THE DATA START
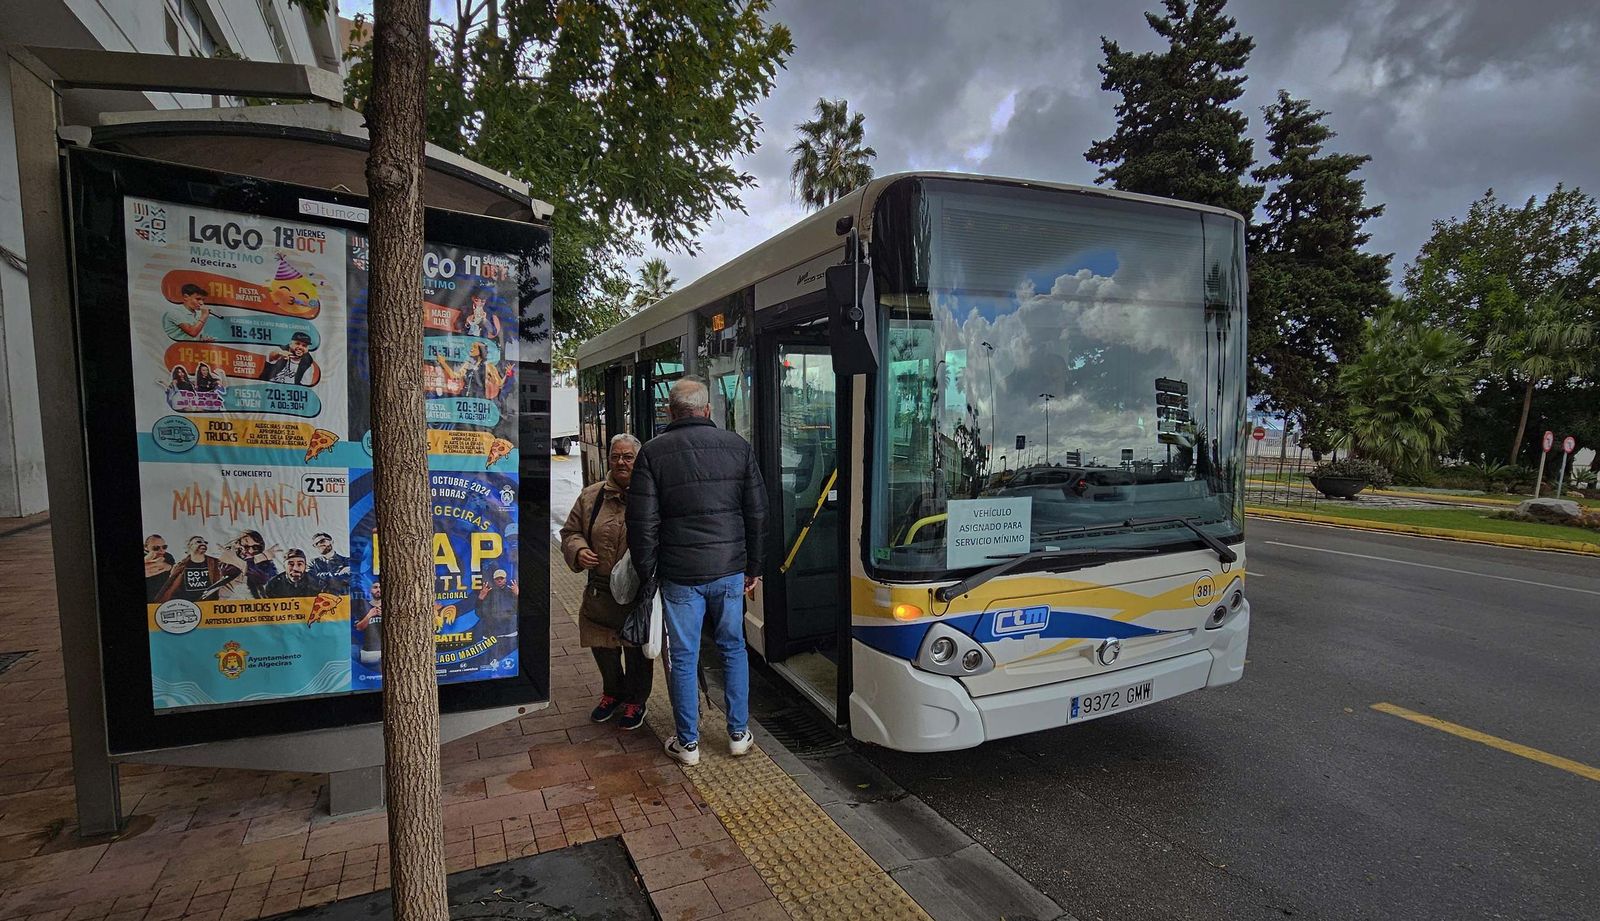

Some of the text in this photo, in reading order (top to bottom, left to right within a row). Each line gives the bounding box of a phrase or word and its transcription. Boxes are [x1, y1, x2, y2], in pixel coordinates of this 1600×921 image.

[272, 226, 294, 249] 18
[295, 228, 326, 240] VIERNES
[296, 237, 326, 254] OCT
[190, 257, 237, 269] Algeciras
[463, 255, 480, 276] 19
[208, 282, 234, 298] 17H
[239, 287, 259, 296] FIESTA
[235, 294, 262, 303] INFANTIL
[431, 309, 451, 319] MAGO
[230, 325, 272, 341] 18:45H
[235, 389, 262, 399] FIESTA
[265, 388, 308, 403] 20:30H
[235, 398, 261, 409] JOVEN
[278, 402, 304, 410] 00:30H
[456, 401, 490, 413] 20:30H
[209, 421, 233, 431] FOOD
[205, 432, 237, 442] TRUCKS
[233, 470, 272, 478] CONCIERTO
[304, 478, 324, 492] 25
[325, 483, 346, 493] OCT
[432, 476, 491, 497] OCTUBRE 2024
[439, 488, 466, 500] HORAS
[173, 478, 318, 526] MALAMANERA
[974, 508, 1012, 518] VEHÍCULO
[959, 521, 1022, 532] ASIGNADO PARA
[956, 534, 1024, 547] SERVICIO MÍNIMO
[1197, 585, 1212, 598] 381
[214, 604, 237, 614] FOOD
[240, 604, 271, 613] TRUCKS
[435, 632, 473, 643] BATTLE
[459, 636, 497, 660] MARÍTIMO
[248, 653, 302, 663] Ayuntamiento
[258, 660, 292, 669] Algeciras
[1084, 692, 1120, 713] 9372
[1127, 683, 1150, 704] GMW
THE DATA END
== TASK DESCRIPTION ==
Everything in the entries except the pictures must be duplicated exactly.

== OUTPUT ==
Some of the text in this photo, in reading order (top to bottom, left to right within a row). Each line gives the bounding box of a phrase or word and its transcription. Boxes are [x1, y1, x2, y2], in pixel coordinates of this 1600×921 image.

[272, 226, 294, 249] 18
[295, 228, 326, 240] VIERNES
[296, 237, 326, 254] OCT
[190, 257, 237, 269] Algeciras
[463, 255, 480, 276] 19
[208, 282, 234, 298] 17H
[239, 287, 259, 296] FIESTA
[235, 294, 262, 303] INFANTIL
[431, 309, 451, 319] MAGO
[230, 325, 272, 341] 18:45H
[235, 389, 262, 399] FIESTA
[265, 388, 308, 403] 20:30H
[235, 398, 261, 409] JOVEN
[278, 402, 304, 410] 00:30H
[456, 401, 490, 413] 20:30H
[209, 421, 233, 431] FOOD
[205, 432, 237, 442] TRUCKS
[233, 470, 272, 478] CONCIERTO
[304, 478, 324, 492] 25
[325, 483, 346, 493] OCT
[432, 476, 491, 497] OCTUBRE 2024
[439, 488, 466, 500] HORAS
[173, 478, 318, 526] MALAMANERA
[974, 508, 1012, 518] VEHÍCULO
[959, 521, 1022, 532] ASIGNADO PARA
[956, 534, 1024, 547] SERVICIO MÍNIMO
[1197, 585, 1212, 598] 381
[214, 604, 237, 614] FOOD
[240, 604, 271, 613] TRUCKS
[435, 632, 473, 643] BATTLE
[459, 636, 497, 660] MARÍTIMO
[248, 653, 302, 663] Ayuntamiento
[258, 660, 292, 669] Algeciras
[1084, 692, 1120, 713] 9372
[1127, 683, 1150, 704] GMW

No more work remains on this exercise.